Advanced Robotics for Manufacturing (ARM), also known as ARM Institute, is a consortium created in 2017 through a Department of Defense grant won by Carnegie Mellon University. ARM is structured as a public-private partnership and the Manufacturing USA Institutes, a network of 16 institutes dedicated to advancing technologies used in manufacturing. ARM was the 14th institute created and focuses on funding innovations in robotics and workforce development.

History 
ARM was founded in January 2017 as the 14th Manufacturing USA Institute with $80M in federal funding. A proposal team led by Carnegie Mellon University won the grant to create ARM, though more than 200 partners pledged support for the institute during the proposal phase.

Structure 
Like the other Manufacturing USA institutes, ARM operates as a membership-based consortium with more than 200 national members spanning industry, academia, and government. ARM periodically releases separate technology and workforce development project calls. Members then form teams to bid for funding. The project calls center on areas where robotics and/or better workforce development initiatives could solve problems in the national manufacturing sector

Headquarters 
ARM is headquartered in the Hazelwood (Pittsburgh), Pennsylvania, co-location with Carnegie Mellon University's Manufacturing Futures Initiative at Mill 19.

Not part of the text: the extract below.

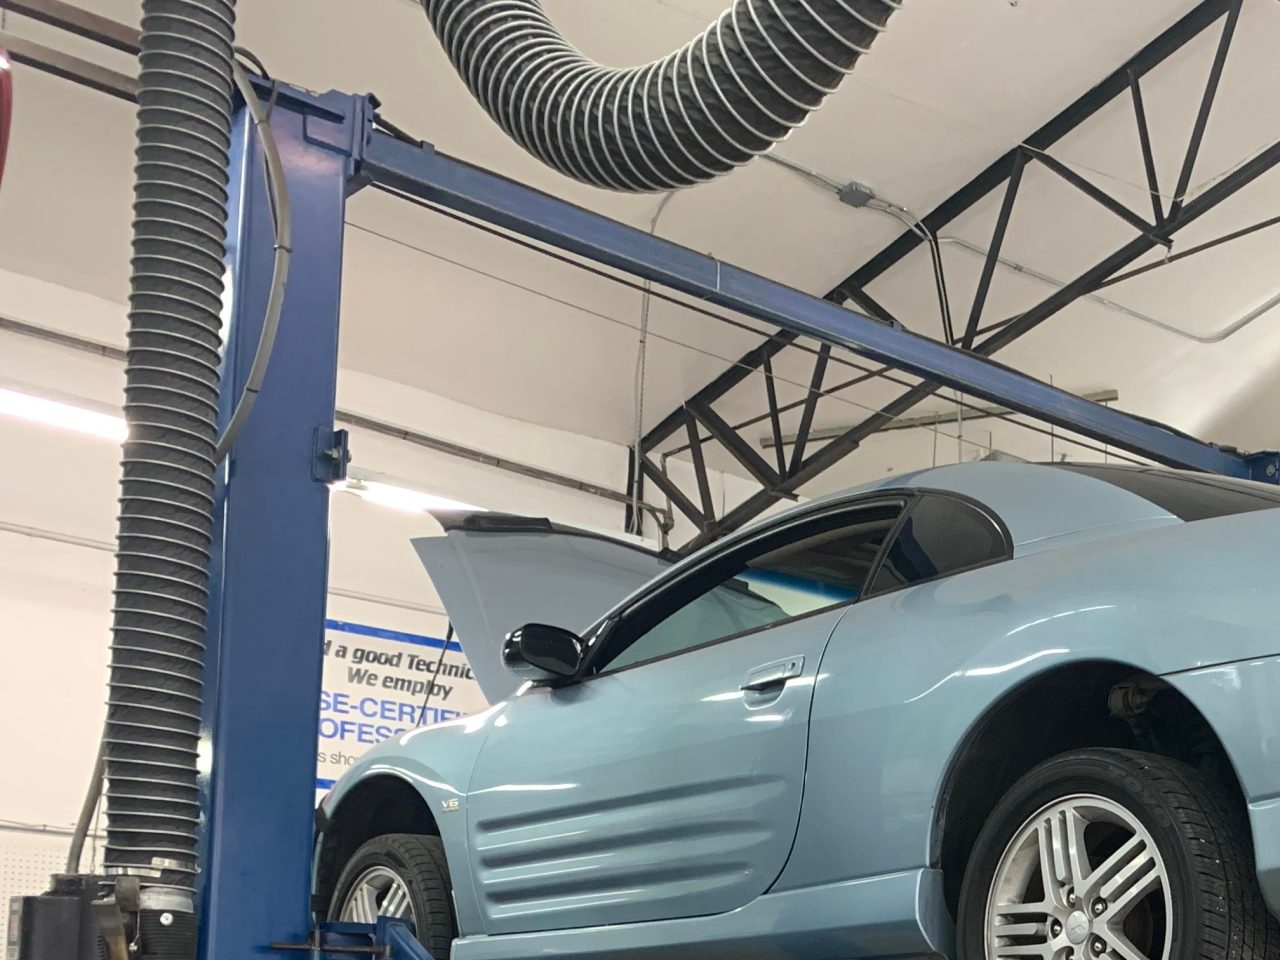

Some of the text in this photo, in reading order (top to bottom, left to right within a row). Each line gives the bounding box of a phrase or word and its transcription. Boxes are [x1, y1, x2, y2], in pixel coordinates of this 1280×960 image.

[335, 645, 347, 660] a
[352, 647, 402, 668] good
[347, 666, 453, 701] We employ
[441, 798, 459, 808] V6
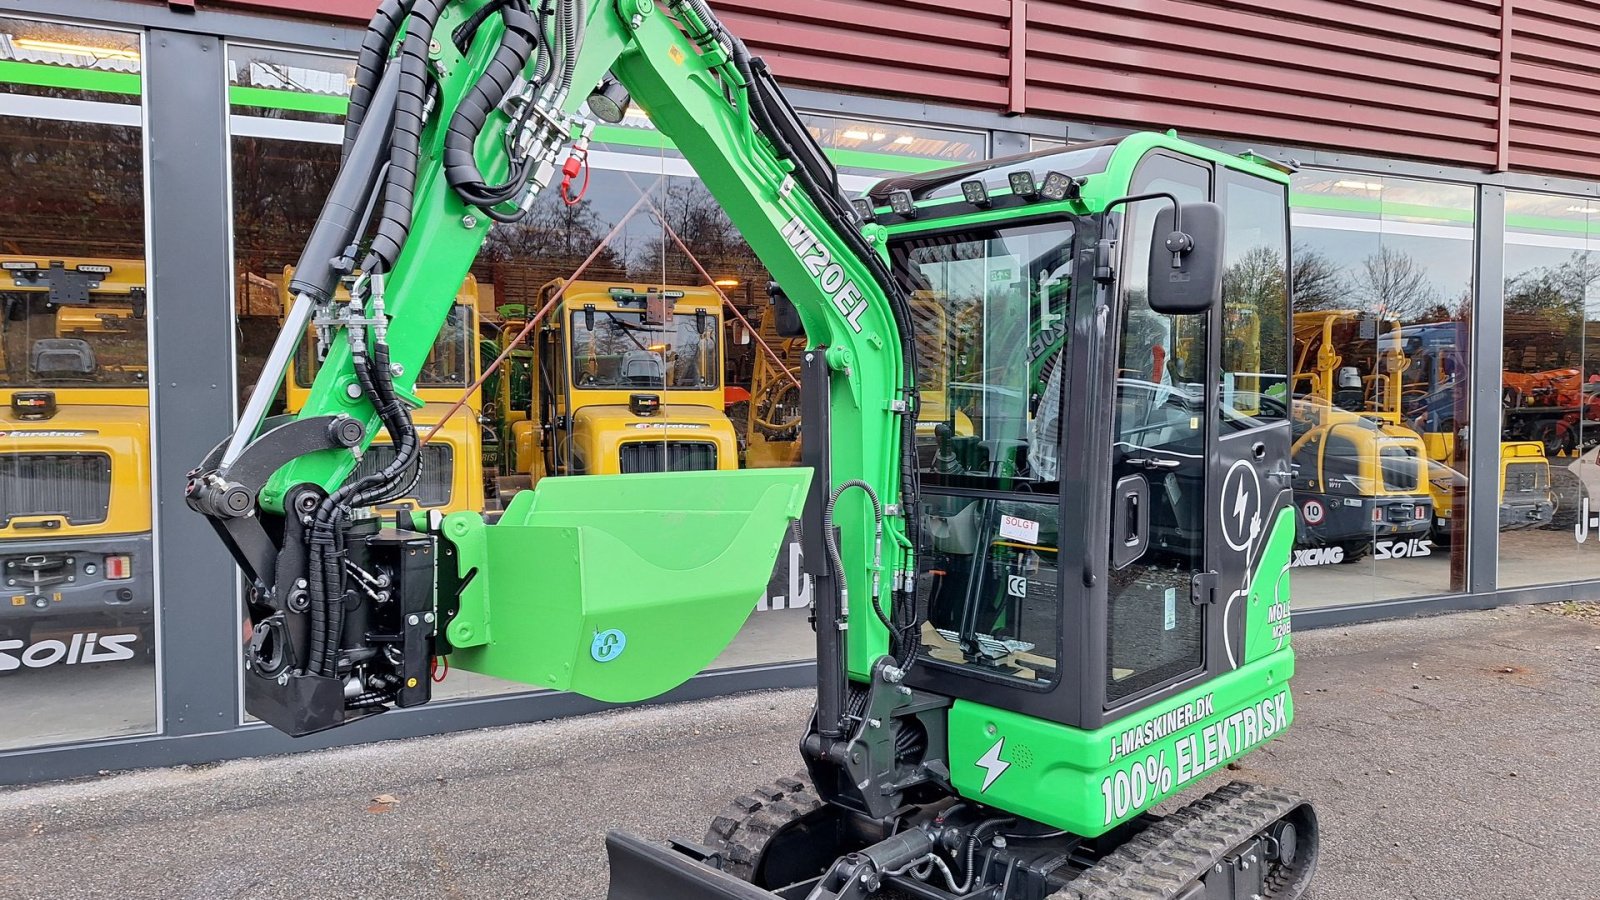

ARM marked the opening of its headquarters on 4 September 2019. ARM and Carnegie Mellon were the first two tenants on the site, which is on one of the three planned buildings, on a 90,000 square-foot facility, with the site having remained empty for 15 years.

In October 2022, ARM announced the opening of its Florida office in the Tampa Bay Innovation Center in St. Petersburg.

Notable Events and Accolades 

 In January 2022, United States President Joe Biden visited the location to deliver a speech on infrastructure and job creation in support of his Build Back Better Plan. 
 In September 2022, ARM was a recipient of a $14.2 million grant through the federal Build Back Better (BBB) Regional Challenge awarded by the U.S. Economic Development Administration. 
 In September 2022, The ARM institute and their video partner Skinny Tie Media were awarded two bronze Telly Awards for their animated video for roboticscareers.com.

References

External links
ARM Institute official website
RoboticsCareer.org - launched in 2021 to connect education seekers, providers, and employers with vetted training for manufacturing careers in robotics.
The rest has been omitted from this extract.